**Listed records**

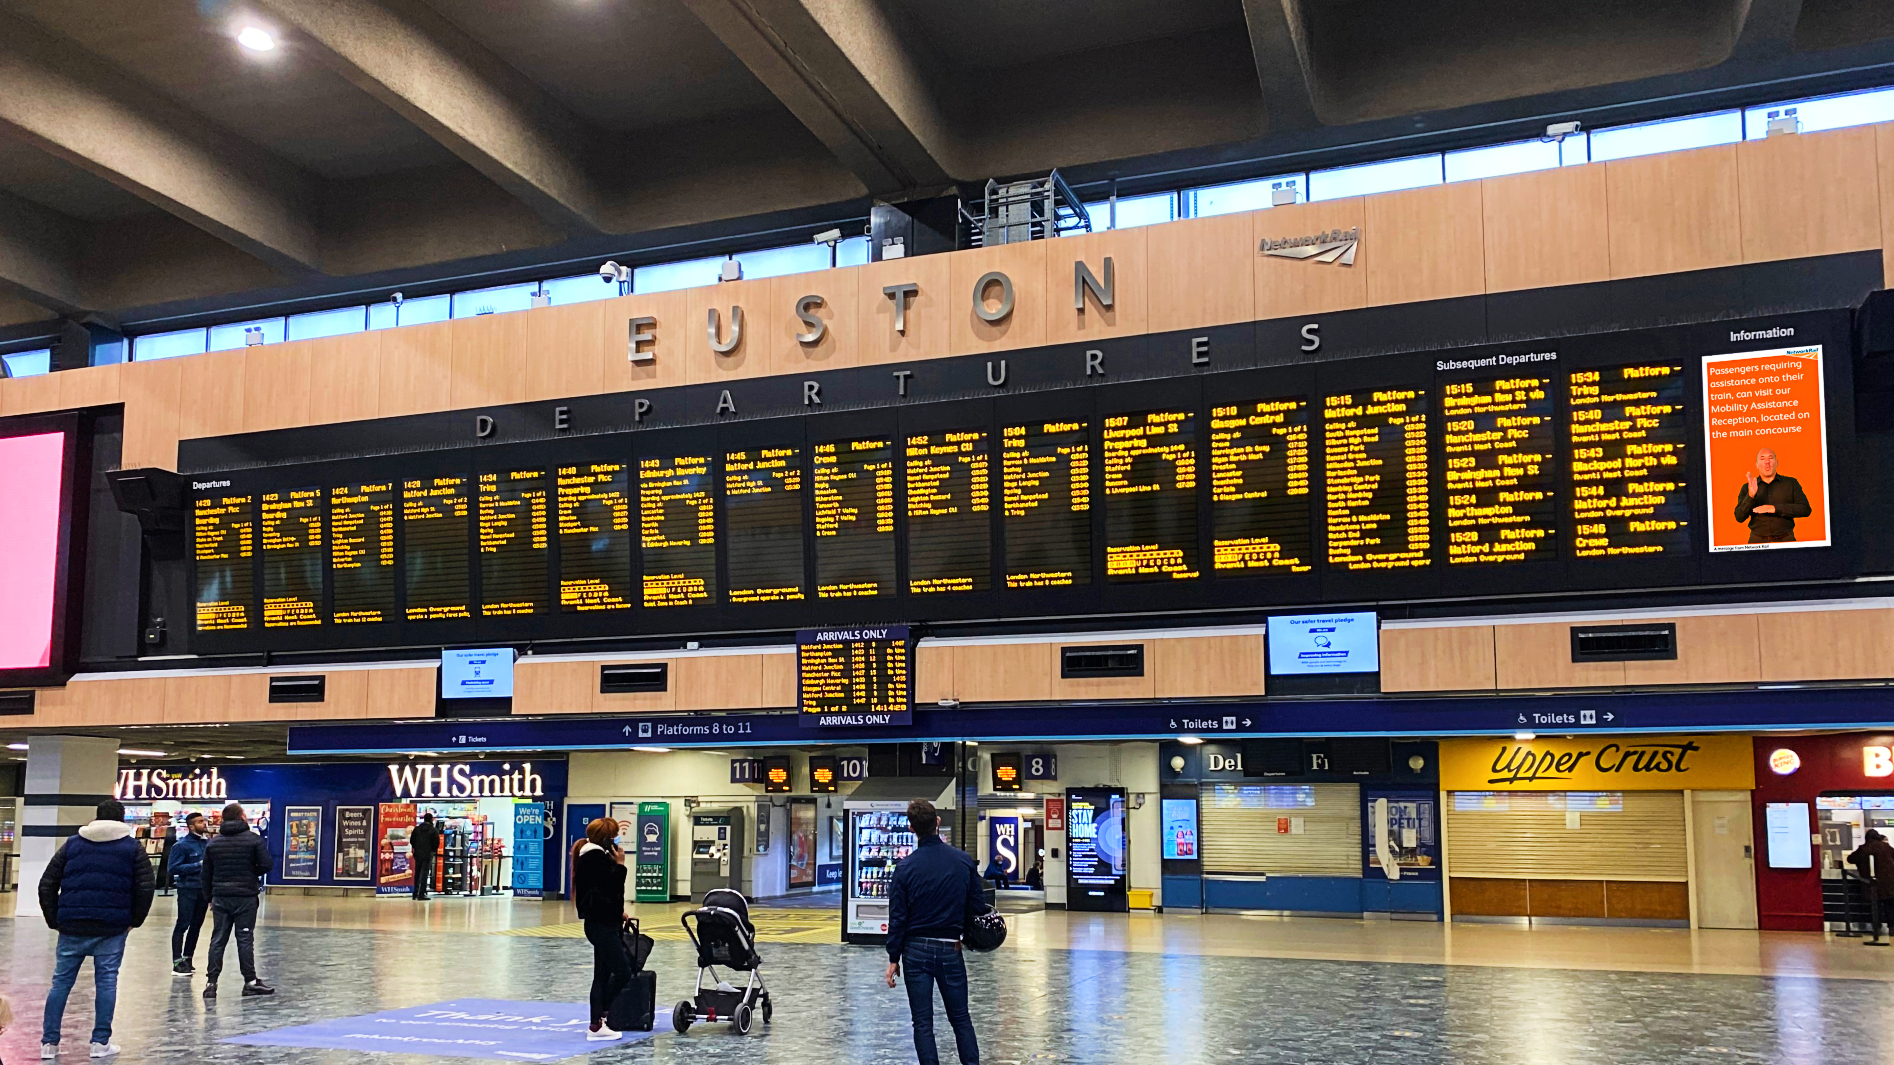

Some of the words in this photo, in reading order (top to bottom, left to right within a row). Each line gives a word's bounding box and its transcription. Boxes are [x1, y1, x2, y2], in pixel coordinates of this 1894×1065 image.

[628, 256, 1114, 362] EUSTON
[1730, 327, 1794, 341] Information
[1436, 356, 1496, 370] Subsequent
[1499, 352, 1557, 365] Departures
[1710, 365, 1759, 375] Passengers
[1761, 361, 1802, 371] requiring
[476, 322, 1320, 438] DEPARTURES
[1571, 372, 1600, 383] 15:34
[1623, 367, 1670, 379] Platform
[1710, 378, 1756, 388] assistance
[1782, 373, 1804, 381] their
[1446, 383, 1473, 394] 15:15
[1495, 379, 1539, 390] Platform
[1570, 385, 1599, 396] Tring
[1325, 396, 1352, 406] 15:15
[1373, 391, 1415, 402] Platform
[1445, 395, 1492, 407] Birmingham
[1494, 393, 1512, 402] New
[1515, 391, 1526, 400] St
[1530, 389, 1544, 399] via
[1711, 392, 1733, 400] train,
[1212, 406, 1237, 417] 15:10
[1257, 401, 1296, 413] Platform
[1324, 406, 1362, 419] Watford
[1365, 403, 1406, 414] Junction
[1572, 410, 1601, 421] 15:40
[1625, 405, 1672, 416] Platform
[1711, 404, 1748, 413] Mobility
[1750, 400, 1798, 410] Assistance
[1105, 417, 1128, 427] 15:07
[1148, 412, 1184, 423] Platform
[1211, 418, 1246, 429] Glasgow
[1249, 413, 1284, 425] Central
[1447, 420, 1474, 431] 15:20
[1497, 417, 1540, 427] Platform
[1571, 420, 1633, 433] Manchester
[1637, 418, 1659, 428] Picc
[1712, 416, 1759, 426] Reception,
[1761, 411, 1795, 421] located
[1003, 426, 1025, 437] 15:04
[1044, 423, 1079, 433] Platform
[1104, 427, 1143, 439] Liverpool
[1146, 425, 1164, 435] Lime
[1168, 423, 1178, 432] St
[1446, 431, 1503, 443] Manchester
[1508, 429, 1528, 438] Picc
[1730, 429, 1752, 437] main
[1755, 426, 1802, 435] concourse
[907, 436, 928, 445] 14:52
[946, 432, 979, 442] Platform
[1003, 439, 1025, 448] Tring
[1104, 439, 1147, 449] Preparing
[815, 445, 835, 453] 14:46
[852, 441, 883, 451] Platform
[1574, 448, 1603, 459] 15:43
[1627, 444, 1673, 455] Platform
[726, 452, 746, 461] 14:45
[762, 449, 792, 458] Platform
[1448, 457, 1475, 468] 15:23
[1498, 454, 1541, 465] Platform
[558, 467, 576, 475] 14:40
[591, 464, 619, 473] Platform
[641, 460, 659, 468] 14:43
[675, 457, 704, 465] Platform
[726, 462, 753, 471] Watford
[756, 460, 785, 469] Junction
[1573, 458, 1622, 472] Blackpool
[1625, 456, 1657, 467] North
[1661, 454, 1677, 465] via
[480, 474, 496, 482] 14:34
[511, 472, 538, 480] Platform
[640, 469, 674, 478] Edinburgh
[676, 466, 706, 475] Waverley
[1447, 469, 1500, 480] Birmingham
[1504, 467, 1524, 476] New
[1527, 465, 1539, 475] St
[192, 480, 230, 490] Departures
[479, 484, 496, 492] Tring
[1576, 486, 1604, 497] 15:44
[1628, 482, 1675, 494] Platform
[332, 495, 368, 504] Northampton
[1449, 494, 1476, 505] 15:24
[1499, 491, 1543, 502] Platform
[1574, 497, 1616, 509] Watford
[1620, 495, 1665, 506] Junction
[1448, 505, 1512, 517] Northampton
[1501, 529, 1544, 539] Platform
[1577, 524, 1606, 535] 15:46
[1630, 521, 1676, 532] Platform
[1449, 543, 1489, 554] Watford
[1493, 541, 1535, 552] Junction
[1576, 538, 1608, 547] Crewe
[816, 631, 860, 641] ARRIVALS
[863, 629, 887, 638] ONLY
[820, 716, 863, 725] ARRIVALS
[866, 715, 890, 723] ONLY
[1182, 719, 1218, 729] Toilets
[1533, 713, 1575, 724] Toilets
[657, 722, 709, 736] Platforms
[712, 723, 719, 734] 8
[723, 724, 734, 733] to
[738, 723, 751, 733] 11
[468, 735, 486, 743] Tickets
[841, 760, 860, 778] 10
[1031, 758, 1044, 776] 8
[1488, 746, 1591, 784] Upper
[1595, 741, 1700, 772] Crust
[1774, 759, 1795, 768] KING
[734, 762, 749, 778] 11
[388, 763, 543, 798] WHSmith
[381, 805, 415, 813] Christmas
[516, 816, 542, 824] OPEN
[1072, 810, 1093, 823] STAY
[996, 824, 1014, 835] WH
[1073, 823, 1097, 837] HOME
[996, 834, 1016, 873] S
[414, 1010, 557, 1023] Thank
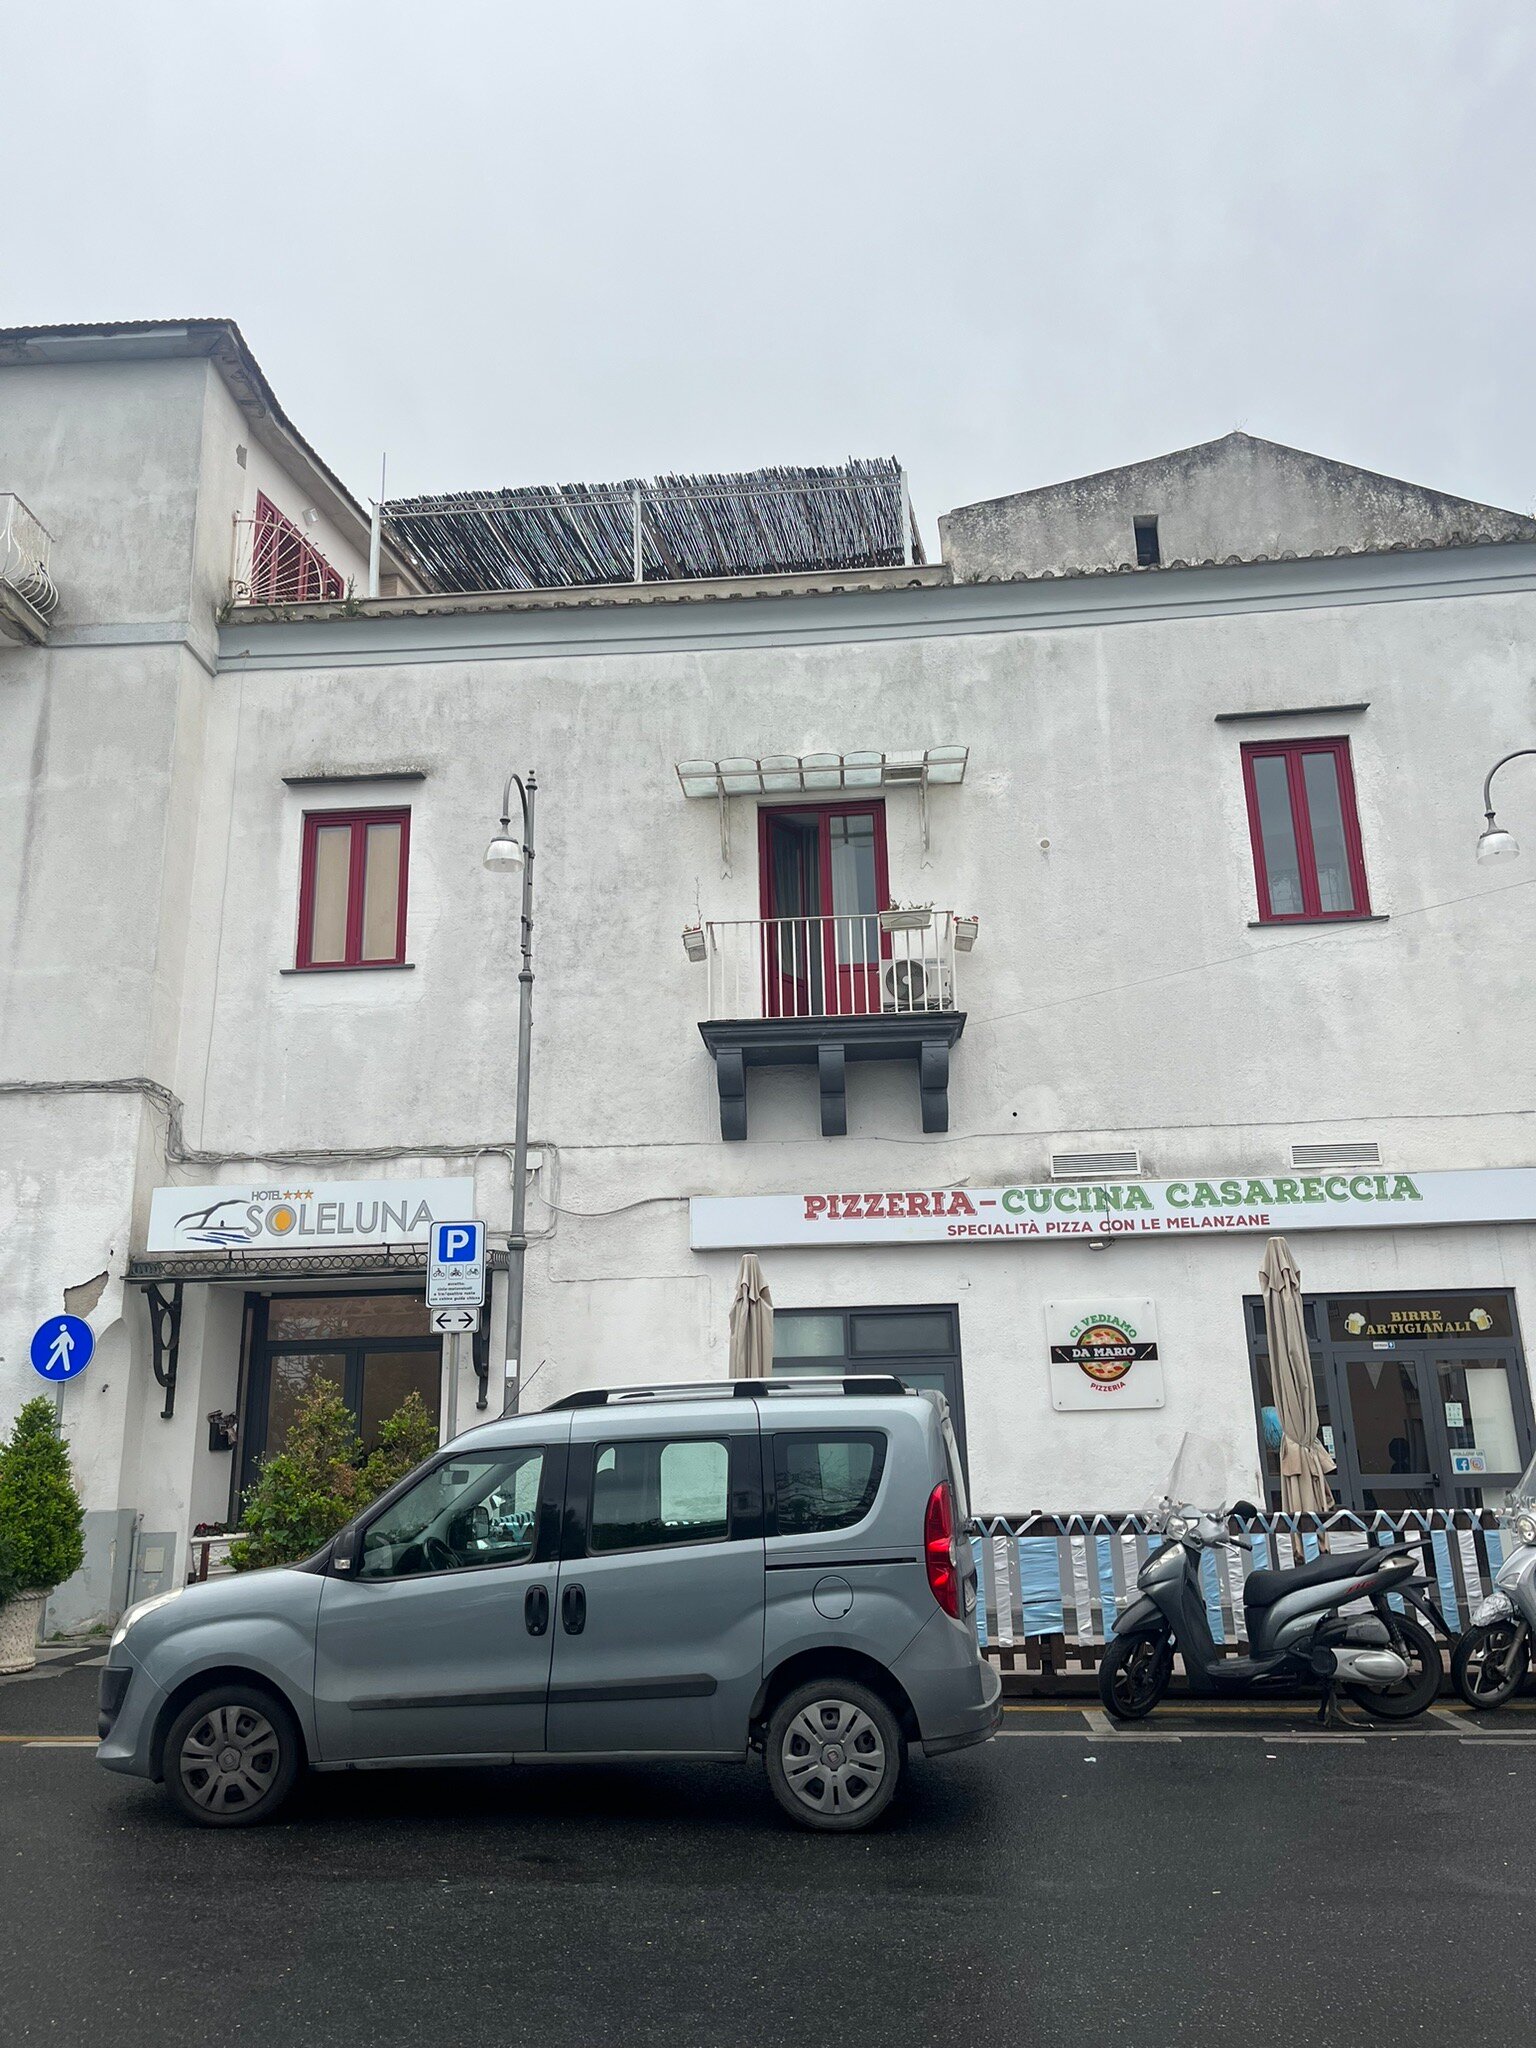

**Brief**
Pull out every line of the entries that includes the word "Birmingham".

**Answer box**
[1445, 395, 1492, 407] Birmingham
[1447, 469, 1500, 480] Birmingham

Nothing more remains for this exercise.